Le tendenze della statistica ci dicono che chi oggi ha vent’anni ha ottime probabilità di arrivare ai cento in buona salute. Forse anche molto di più, se avranno successo le battaglie del Partito Transumanista che si presenta alle elezioni americane del 2016 con l’obiettivo di puntare più risorse sulla lotta all’invecchiamento. Ma come si configura un mondo di persone tanto longeve? L’allungamento della vita potrà beneficiare tutte le popolazioni o soltanto una fascia di privilegiati? Già oggi la speranza di vita nei Paesi più poveri è mediamente inferiore di 18 anni rispetto ai Paesi più ricchi e anche in Italia ci sono tre anni di differenza tra Milano e Napoli. E come si ridisegna un sistema sociale nel quale le persone vivranno venti o trent’anni più di oggi?

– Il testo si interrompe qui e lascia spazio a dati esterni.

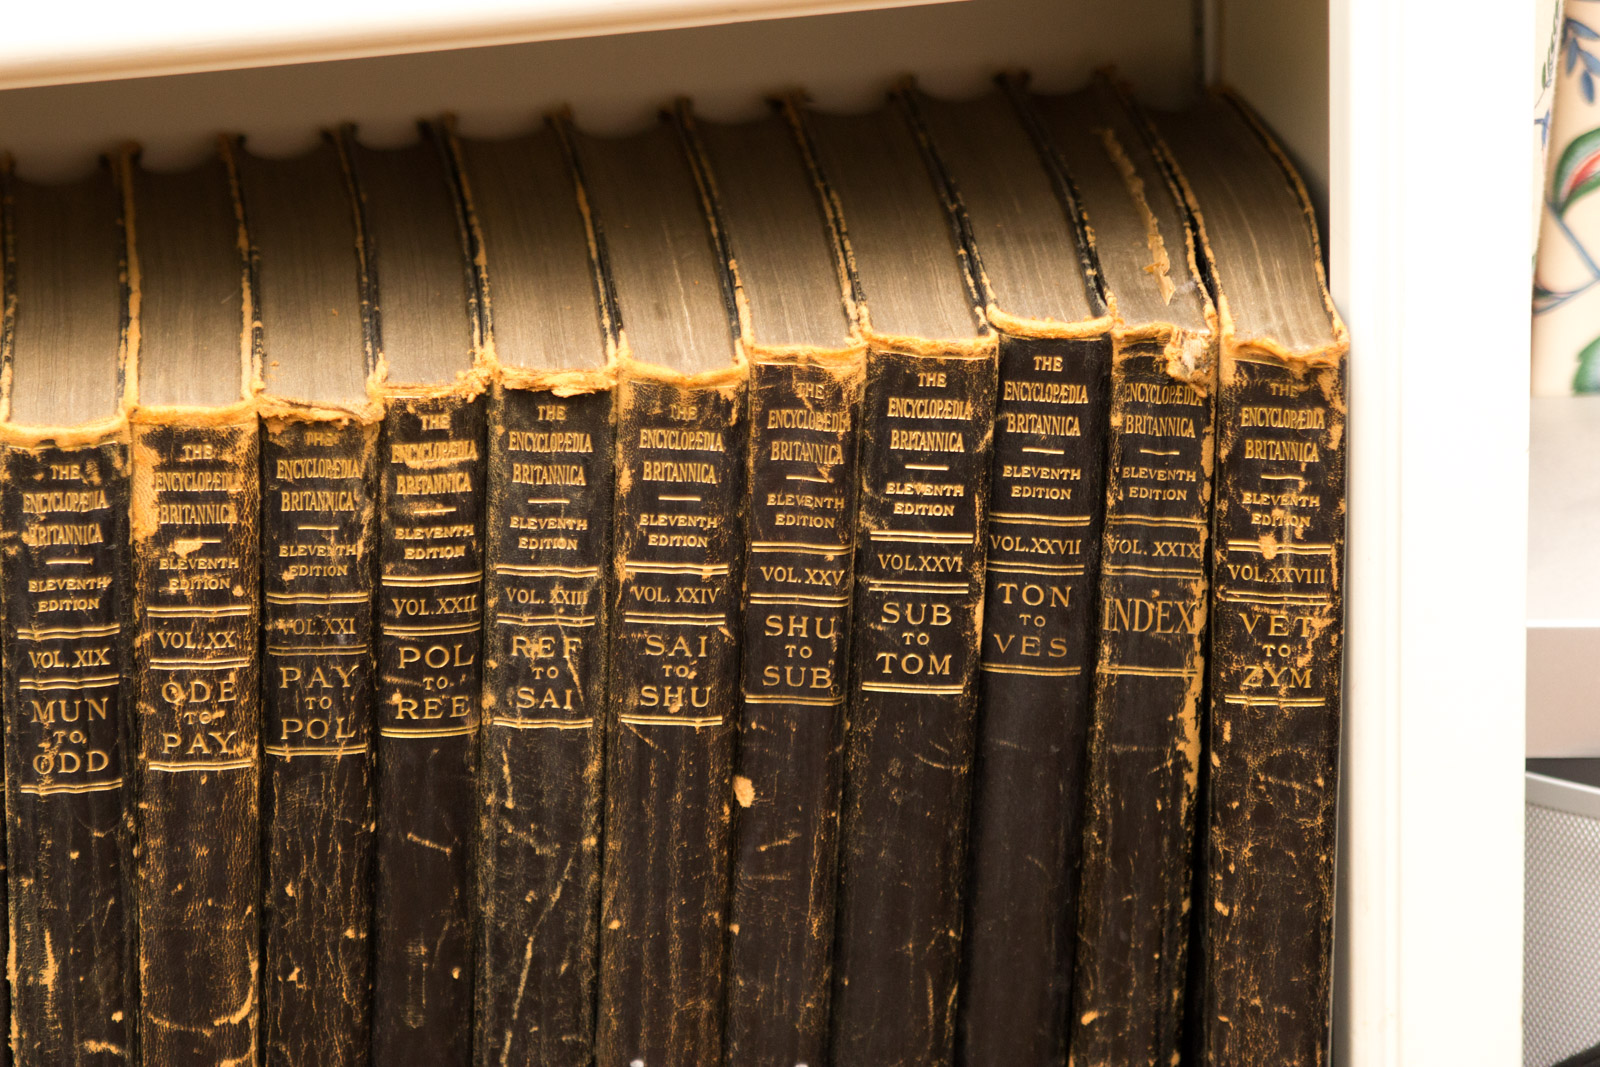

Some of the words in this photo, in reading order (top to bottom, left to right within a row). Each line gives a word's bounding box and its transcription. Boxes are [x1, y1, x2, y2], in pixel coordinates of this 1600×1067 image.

[1033, 356, 1063, 372] THE
[918, 373, 947, 387] THE
[797, 383, 824, 399] THE
[1270, 382, 1299, 397] THE
[538, 406, 567, 420] THE
[670, 405, 698, 421] THE
[421, 414, 451, 429] THE
[1006, 413, 1081, 437] BRITANNICA
[1125, 415, 1196, 438] BRITANNICA
[890, 430, 965, 453] BRITANNICA
[182, 445, 213, 460] THE
[770, 441, 845, 464] BRITANNICA
[1245, 440, 1319, 462] BRITANNICA
[50, 464, 81, 480] THE
[512, 463, 586, 486] BRITANNICA
[643, 461, 717, 484] BRITANNICA
[1003, 465, 1081, 481] ELEVENTH
[1122, 467, 1196, 482] ELEVENTH
[885, 482, 964, 497] ELEVENTH
[1011, 486, 1072, 500] EDITION
[1129, 487, 1188, 501] EDITION
[281, 491, 355, 512] BRITANNICA
[767, 494, 845, 509] ELEVENTH
[1242, 493, 1320, 507] ELEVENTH
[893, 503, 955, 517] EDITION
[510, 516, 588, 530] ELEVENTH
[640, 514, 718, 528] ELEVENTH
[775, 514, 835, 529] EDITION
[1251, 513, 1311, 527] EDITION
[28, 523, 103, 546] BRITANNICA
[395, 525, 474, 540] ELEVENTH
[518, 537, 578, 550] EDITION
[648, 535, 708, 548] EDITION
[279, 545, 358, 557] ELEVENTH
[404, 546, 465, 560] EDITION
[159, 558, 239, 570] ELEVENTH
[289, 565, 348, 576] EDITION
[28, 578, 109, 592] ELEVENTH
[169, 577, 230, 590] EDITION
[998, 583, 1071, 608] TON
[38, 599, 99, 613] EDITION
[881, 603, 952, 626] SUB
[1019, 614, 1046, 628] TO
[1103, 598, 1198, 634] INDEX
[765, 615, 836, 639] SHU
[1239, 613, 1313, 638] VET
[645, 635, 707, 657] SAI
[902, 632, 930, 645] TO
[993, 634, 1068, 658] VES
[511, 636, 582, 658] REF
[785, 645, 812, 659] TO
[1262, 644, 1291, 657] TO
[398, 644, 474, 668] POL
[662, 665, 689, 677] TO
[876, 653, 952, 676] TOM
[279, 665, 359, 689] PAY
[532, 666, 559, 680] TO
[762, 666, 832, 689] SUB
[1242, 665, 1313, 688] ZYM
[423, 677, 448, 690] TO
[161, 681, 237, 704] ODE
[516, 687, 573, 709] SAI
[640, 686, 711, 708] SHU
[31, 697, 109, 723] MUN
[305, 696, 332, 709] TO
[395, 696, 471, 720] REE
[184, 712, 212, 724] TO
[281, 718, 356, 739] POL
[53, 731, 84, 744] TO
[162, 731, 237, 754] PAY
[33, 751, 109, 774] ODD

Un autobus rosso a forma di bara, con tanto di fiori finti sul tetto, percorre le strade degli Stati Uniti. Lo ha voluto il leader del Partito transumanista Zoltan Istvan, candidato alle elezioni presidenziali del 2016. Istvan non diventerà presidente, ma il suo messaggio non è banale: con il suo tour elettorale, vuole attirare l’attenzione sulla battaglia contro l’invecchiamento. Chiede più fondi per la ricerca e per le cure sanitarie, più carriere nelle attività tecnologiche, nell’intelligenza artificiale e nella medicina.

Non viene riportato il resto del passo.